Mr. Sterling: Why are we doing it?

The Chair: Mr. Parsons, do you want to make any comments, please?

Mr. Parsons: There was a question, I think, from Mr. Sterling last week and once again we said, "You're right."

Ms. Krakower: This is in a case where the board is reconsidering a decision allowing the documents to be unsealed.

The Chair: You got the answer, I believe.

Mr. Sterling: No. Basically, it goes with the other section, which says that no person may open the file.

Mr. Parsons: Right.

Mr. Sterling: Is that section still there or is it coupled with it, or does it do away with that section?

The Chair: Staff?

Ms. Krakower: I'm not sure. This is in a situation where the board would want to reopen the file when a person is coming forward to either ask that the board reconsider that they remove the order prohibiting disclosure or when the other party is asking to be heard. This would allow the board to actually open up the file and see on what basis the decision was made initially.

Mr. Parsons: The section is still there, but this provides an exemption in case of an appeal.

Mr. Sterling: Can I ask legislative counsel, shouldn't there be any "notwithstanding" the other section?

Ms. Hopkins: No, it doesn't need to.

Mr. Sterling: OK. That's fine.

The Chair: Any further debate? I shall now put the question. Shall the motion carry? Those in favour? Those opposed? The motion carries.

Mr. Parsons, 21(l), please.

Mr.
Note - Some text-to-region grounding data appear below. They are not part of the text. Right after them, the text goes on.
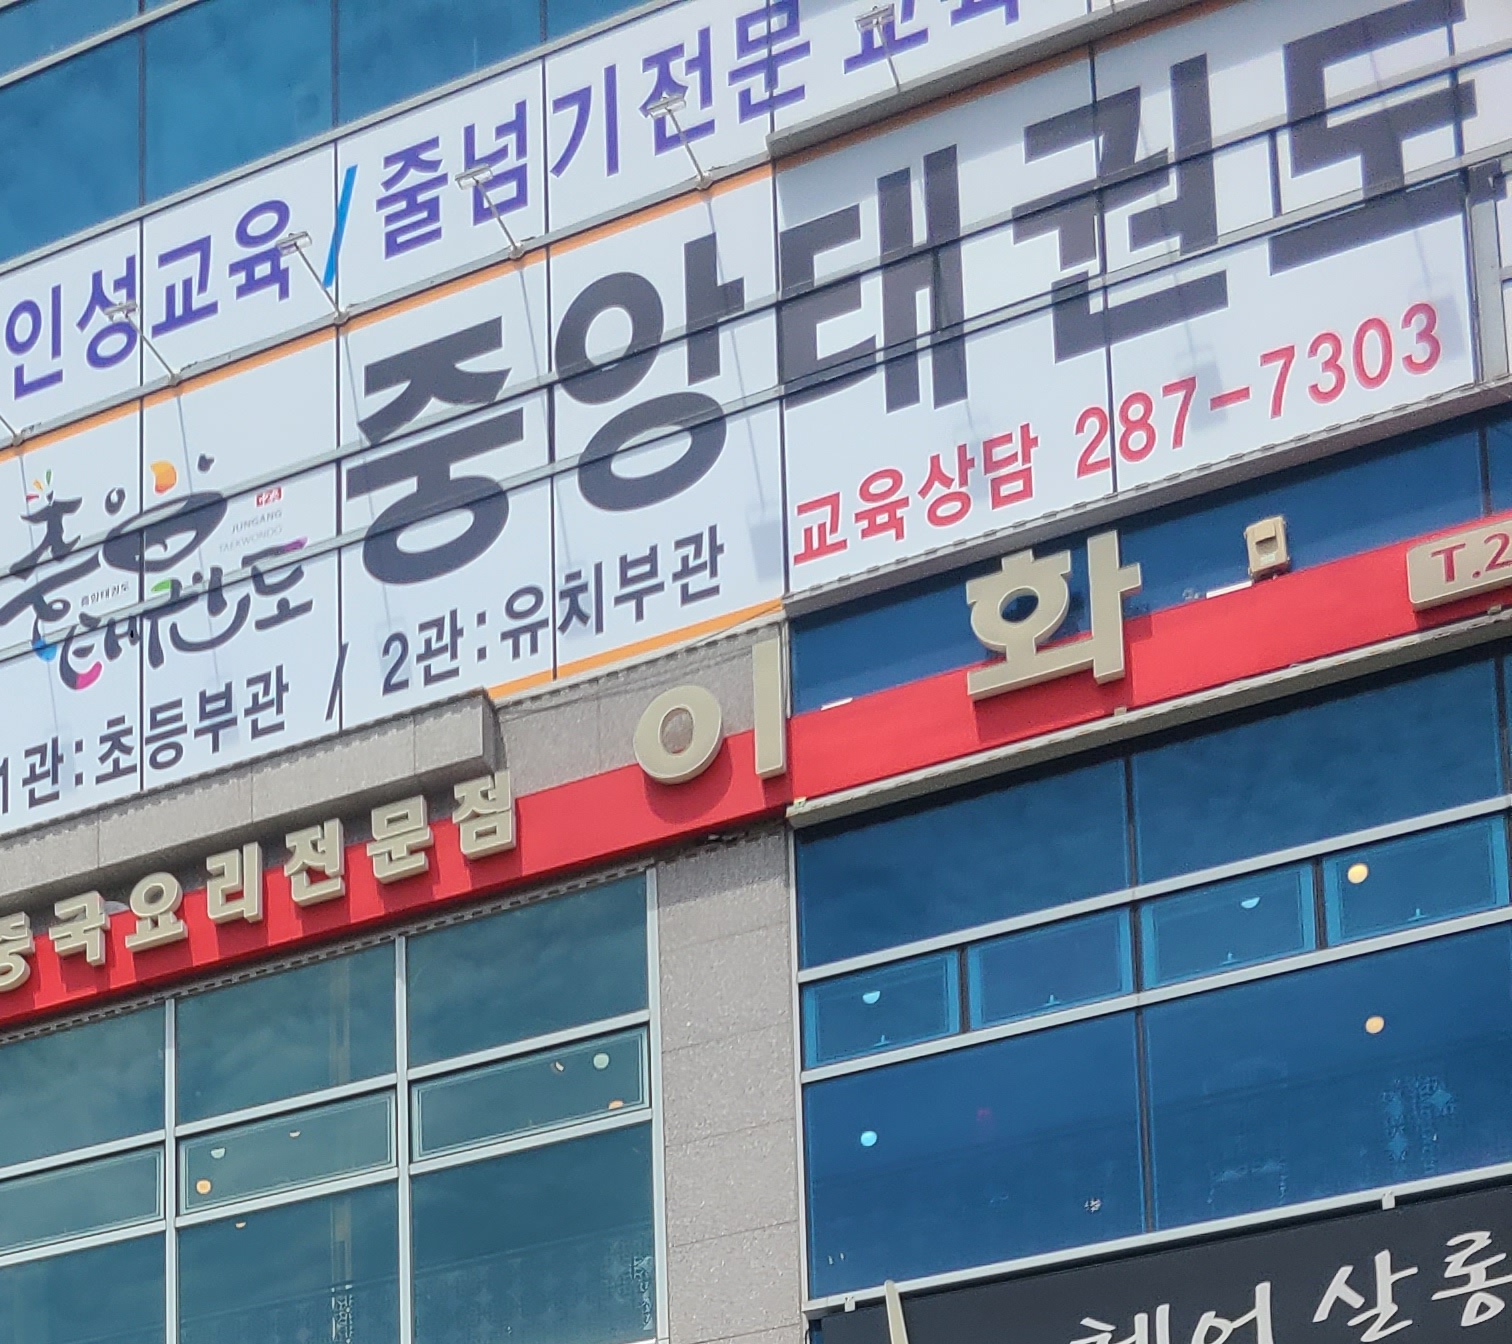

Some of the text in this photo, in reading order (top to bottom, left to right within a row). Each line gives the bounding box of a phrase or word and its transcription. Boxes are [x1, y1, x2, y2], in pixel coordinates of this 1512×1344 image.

[5, 199, 292, 398] 인성교육
[345, 0, 1478, 588] 중앙태권도
[232, 510, 283, 534] JUNGANG
[792, 302, 1442, 566] 교육상담 287-7303
[1312, 1230, 1512, 1342] 살롱
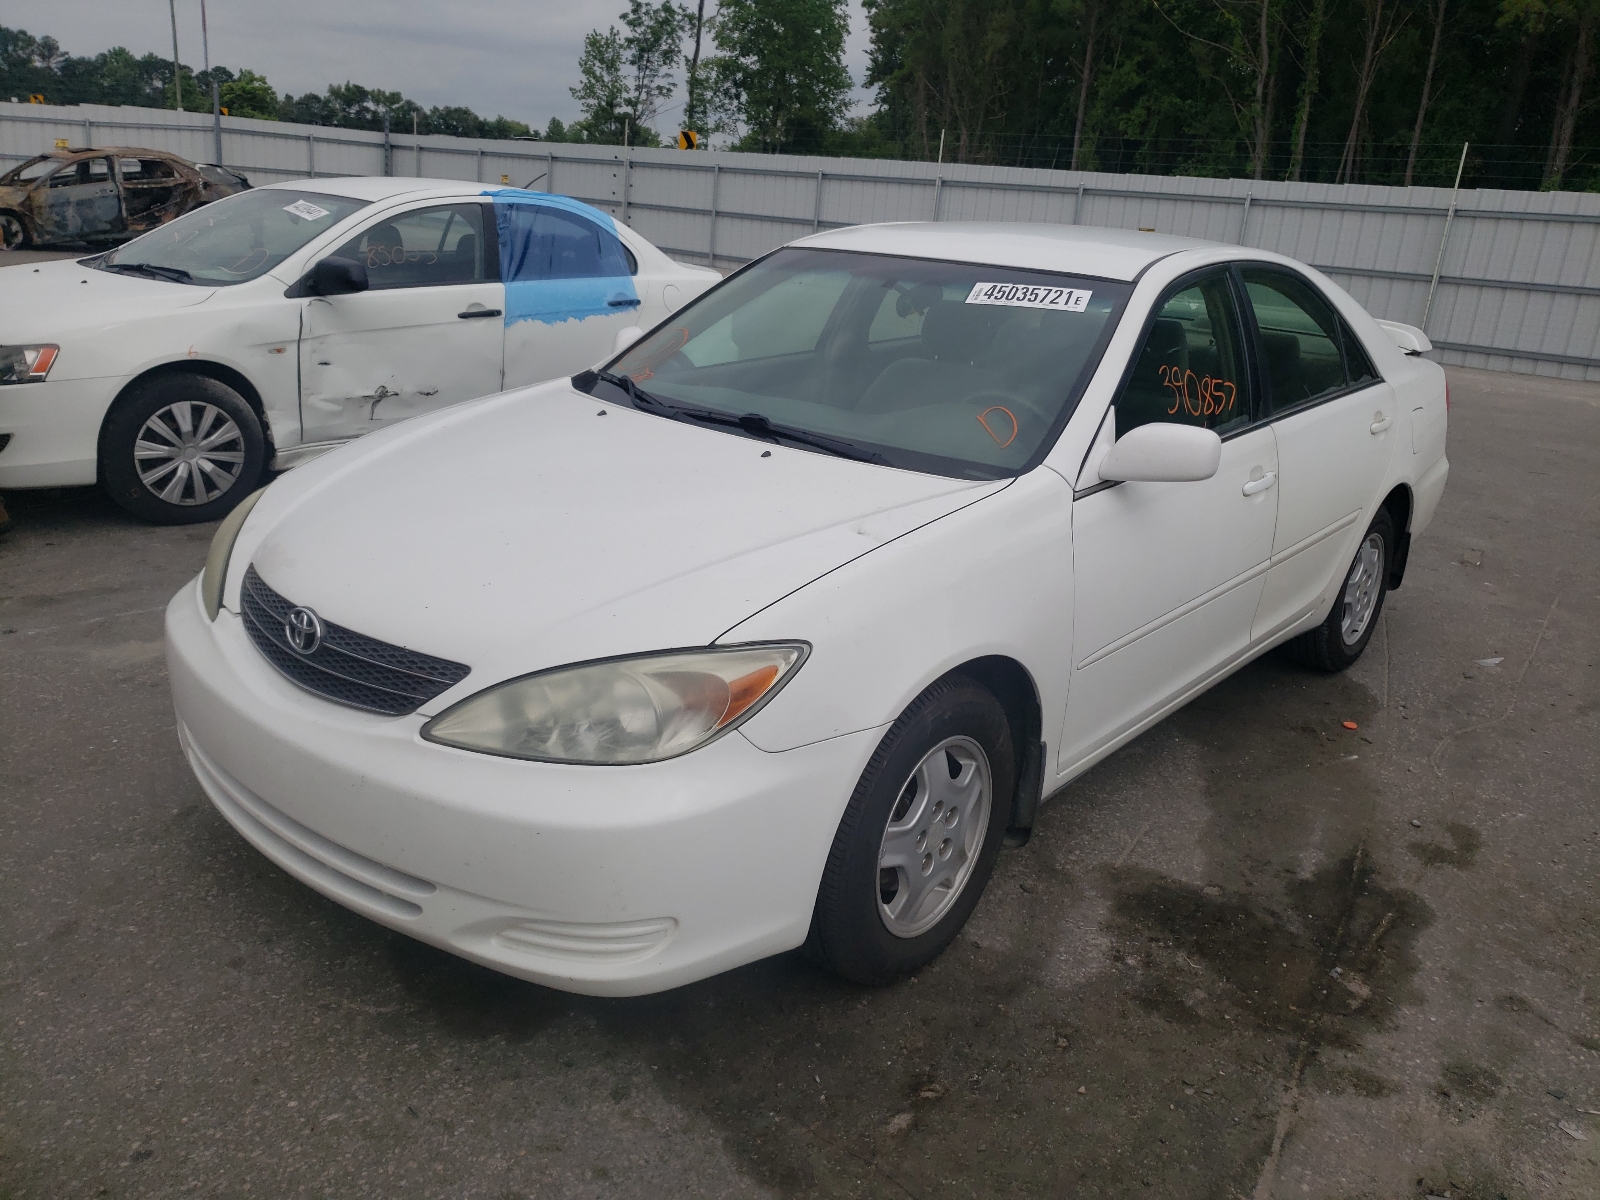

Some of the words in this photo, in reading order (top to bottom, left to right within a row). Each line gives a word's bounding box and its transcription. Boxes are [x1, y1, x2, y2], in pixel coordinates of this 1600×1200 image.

Parsons: I move that government motion number 21 (replacing section 8 of the bill), as amended, be further amended by adding the following sections to the Vital Statistics Act after section 48.4.3:

"Prohibition against disclosure where adopted person a victim of abuse

"Definitions

"48.4.4(1) In this section,

"`children's aid society' means a society as defined in subsection 3(1) of the Child and Family Services Act;

"`designated custodian' means a person designated under subsection 162.1(1) of the Child and Family Services Act to act as a custodian of information that relates to adoptions.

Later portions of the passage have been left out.